Flapjacks are a very tricky product when it comes to VAT rates. In its detailed guidance entitled, “The bounds of confectionery, sweets, chocolates, chocolate biscuits, cakes and biscuits: The borderline between confectionery and cakes,” HMRC investigates flapjacks versus other food categories and observes:
It is our policy that there is a difference between flapjacks and cereal bars. This policy development arose because, at the inception of VAT, flapjacks were widely accepted as cakes, and cereal bars were not widely available, if at all… It is difficult to draw a borderline between the two products, as flapjacks could easily be viewed as cereal bars. However, the above policy is, we believe, fair and reasonable.
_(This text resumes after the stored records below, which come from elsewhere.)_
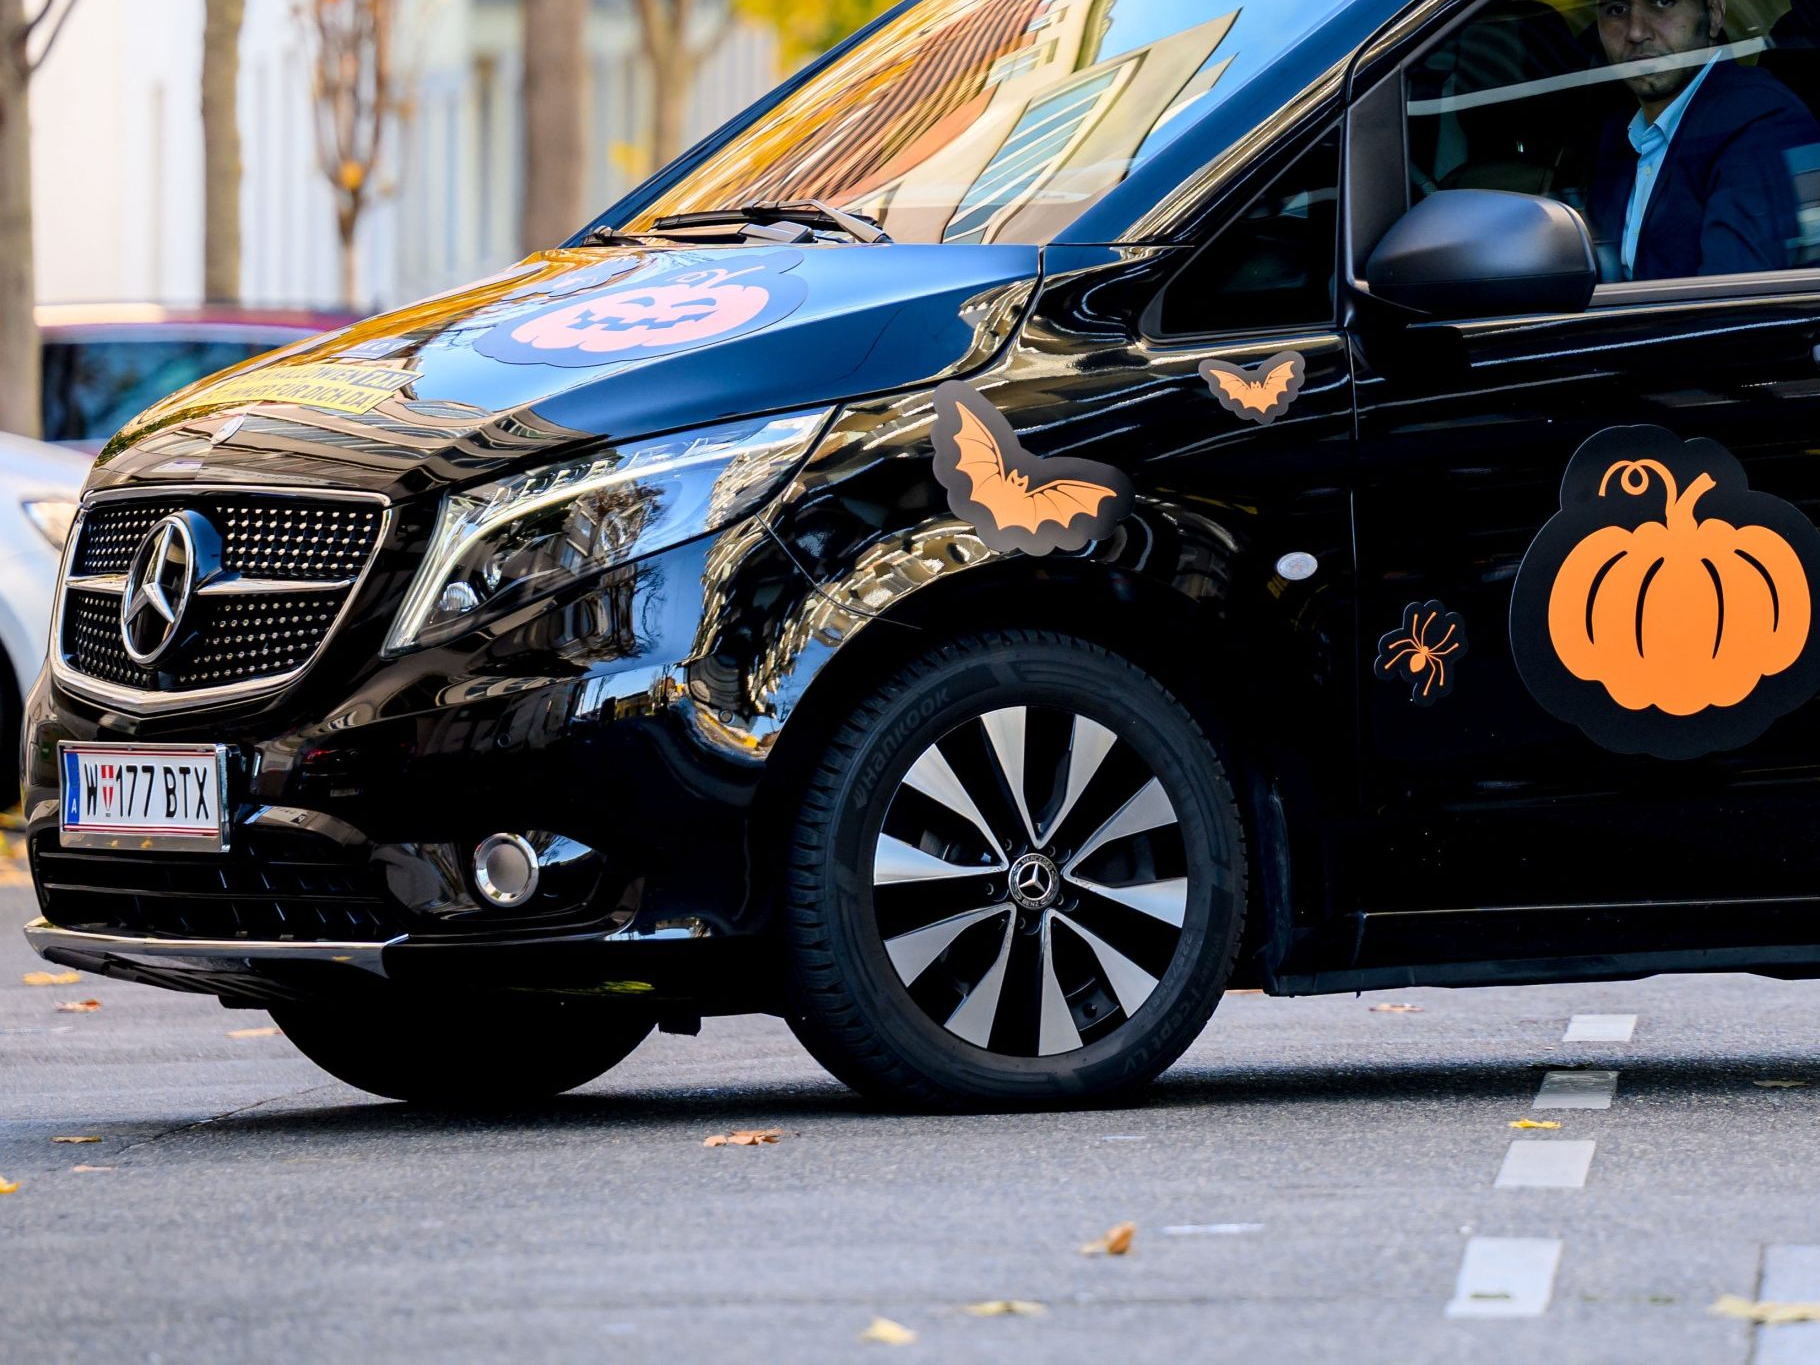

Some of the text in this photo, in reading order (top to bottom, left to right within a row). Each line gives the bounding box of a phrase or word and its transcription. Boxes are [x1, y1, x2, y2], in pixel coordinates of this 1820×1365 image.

[356, 371, 412, 390] TAXI
[298, 385, 354, 402] DICH
[339, 392, 385, 409] DA!
[84, 763, 209, 820] W 177 BTX
[70, 798, 78, 814] A
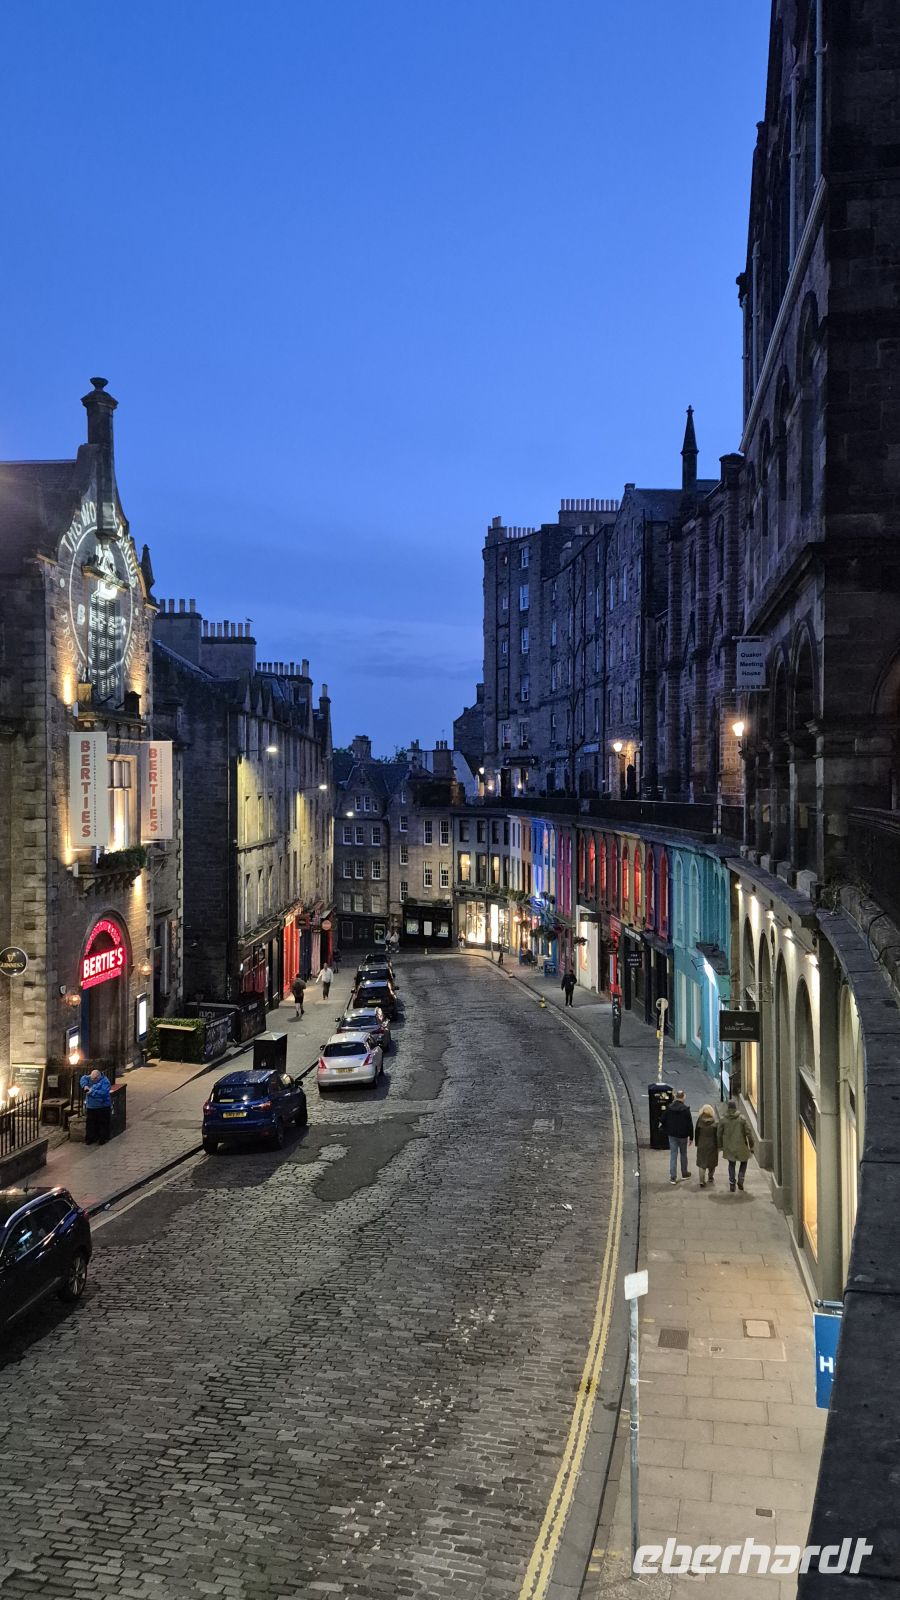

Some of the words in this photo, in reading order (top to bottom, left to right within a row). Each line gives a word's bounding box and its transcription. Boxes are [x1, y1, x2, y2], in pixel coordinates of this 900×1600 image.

[80, 740, 91, 838] BERTIES
[148, 747, 158, 832] BERTIES
[83, 947, 123, 979] BERTIE'S
[819, 1355, 834, 1374] H
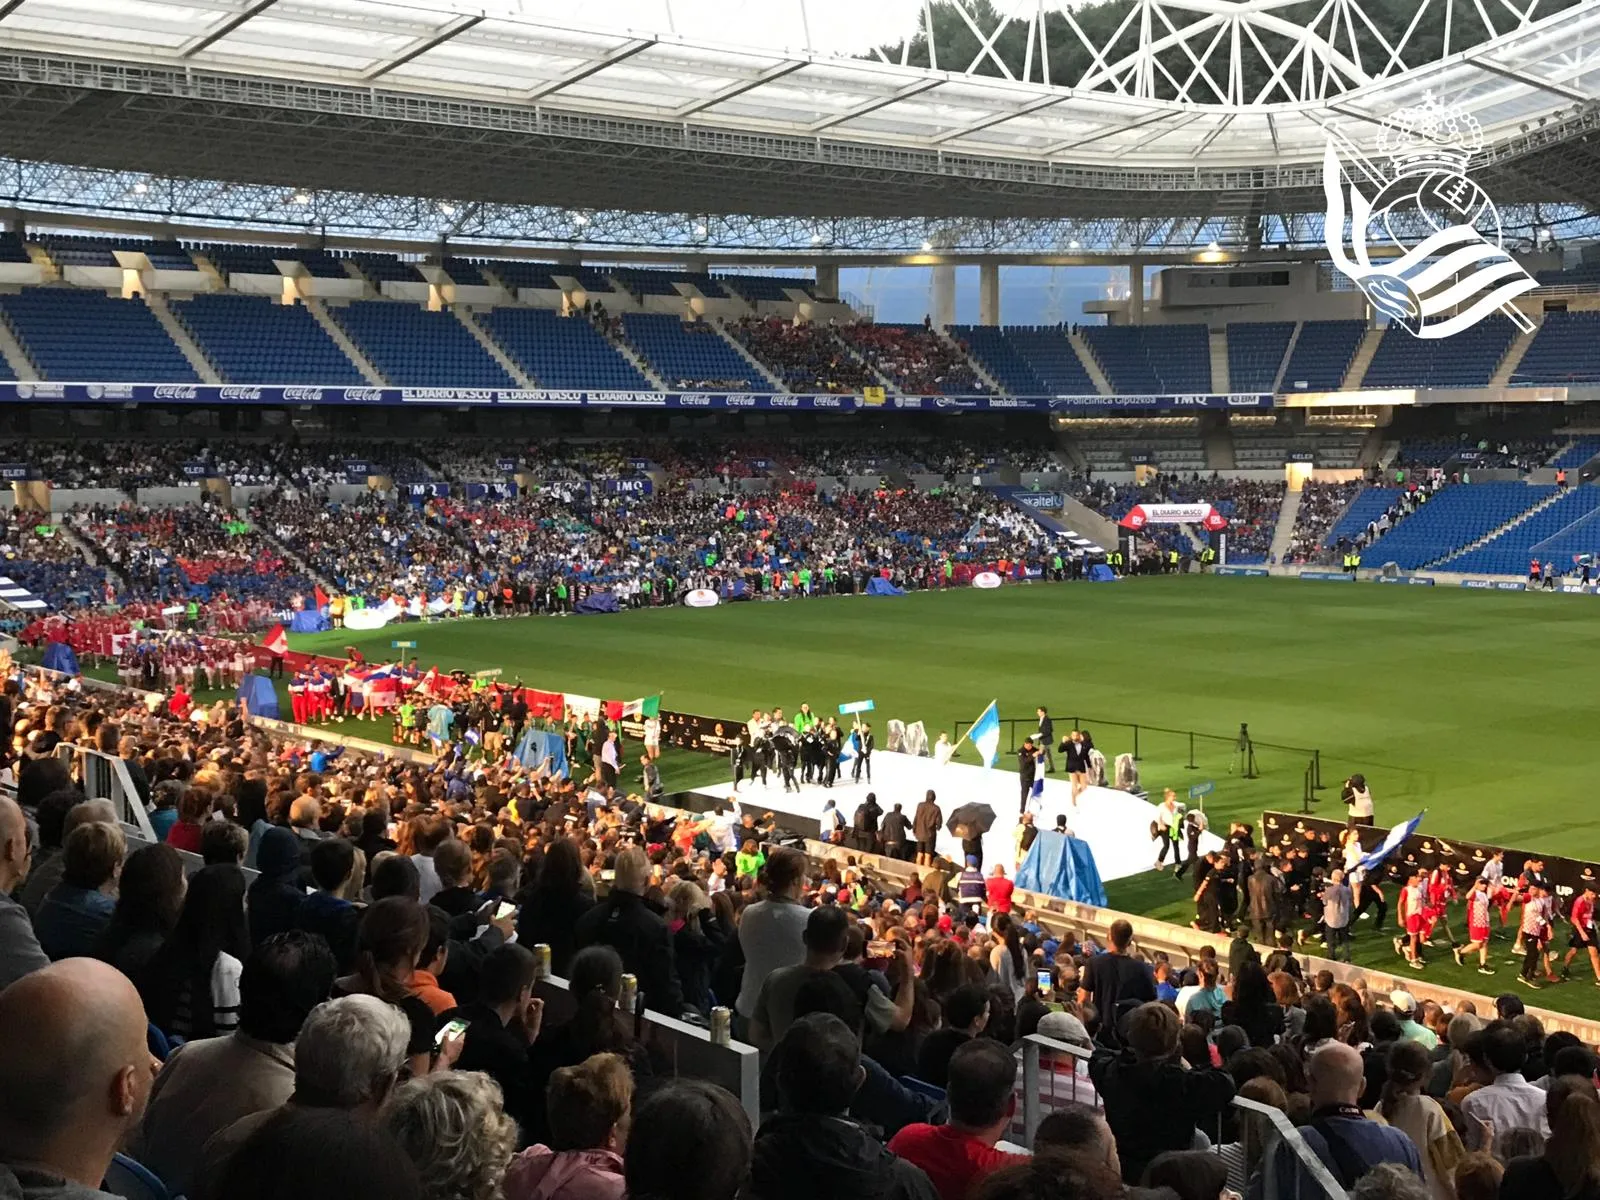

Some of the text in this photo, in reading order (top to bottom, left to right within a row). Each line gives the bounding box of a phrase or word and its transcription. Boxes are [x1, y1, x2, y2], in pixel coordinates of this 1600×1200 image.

[402, 389, 491, 399] EL DIARIO VASCO
[497, 391, 581, 400] EL DIARIO VASCO
[587, 392, 666, 401] EL DIARIO VASCO
Fair? Reasonable? The tax treatment of food can be hard to swallow. But nonsensical VAT rules apply not only to food. If you are planning to sell fur items, HMRC has prepared a flowchart that will help you identify which tax rate to apply. Once you answer ten questions, you will know that if your item is made from goatskin, no VAT will apply. However, if the goatskin originates from Mongolia, Yemen or Tibet, you must charge 20% VAT. I doubt whether Mongolian goats are aware of their special status under the U.K. VAT law.
Elsewhere in Europe
The U.K. is not the only country where the VAT rate system defies common sense and is sometimes immune to any logical explanation. E.U. countries have equally bizarre regulations and case law. In Germany, guinea pigs are taxed at 19% but rabbits benefit from a reduced rate (7%). And in the famous “Subway” case, the Irish Supreme Court ruled that the bread used by the restaurant chain Subway wasn’t actually bread and didn’t qualify for the VAT zero rate that generally applies to bread. According to the Court, the key factor that determines whether bread is bread for VAT purposes was the sugar content. And that was too high in Subway’s bread.
VAT was heralded as a “simple tax” when introduced on the All Fools’ Day in 1973, but has proved to be anything but. While VAT has adapted to changing economic conditions, it has also given rise to disputes over marshmallows, spongy cakes and flapjacks. While we all agree that it does not make much sense for courts and tax officials to spend time and taxpayer money discussing how to eat cakes or roast marshmallows, there isn’t any indication that rate-related nonsense will stop anytime soon. As the U.K. VAT enters its second half-century, its idiosyncrasies and weirdness will continue to entertain us.
The opinions expressed in this article are those of the author and do not necessarily reflect the views of any organisations with which the author is affiliated.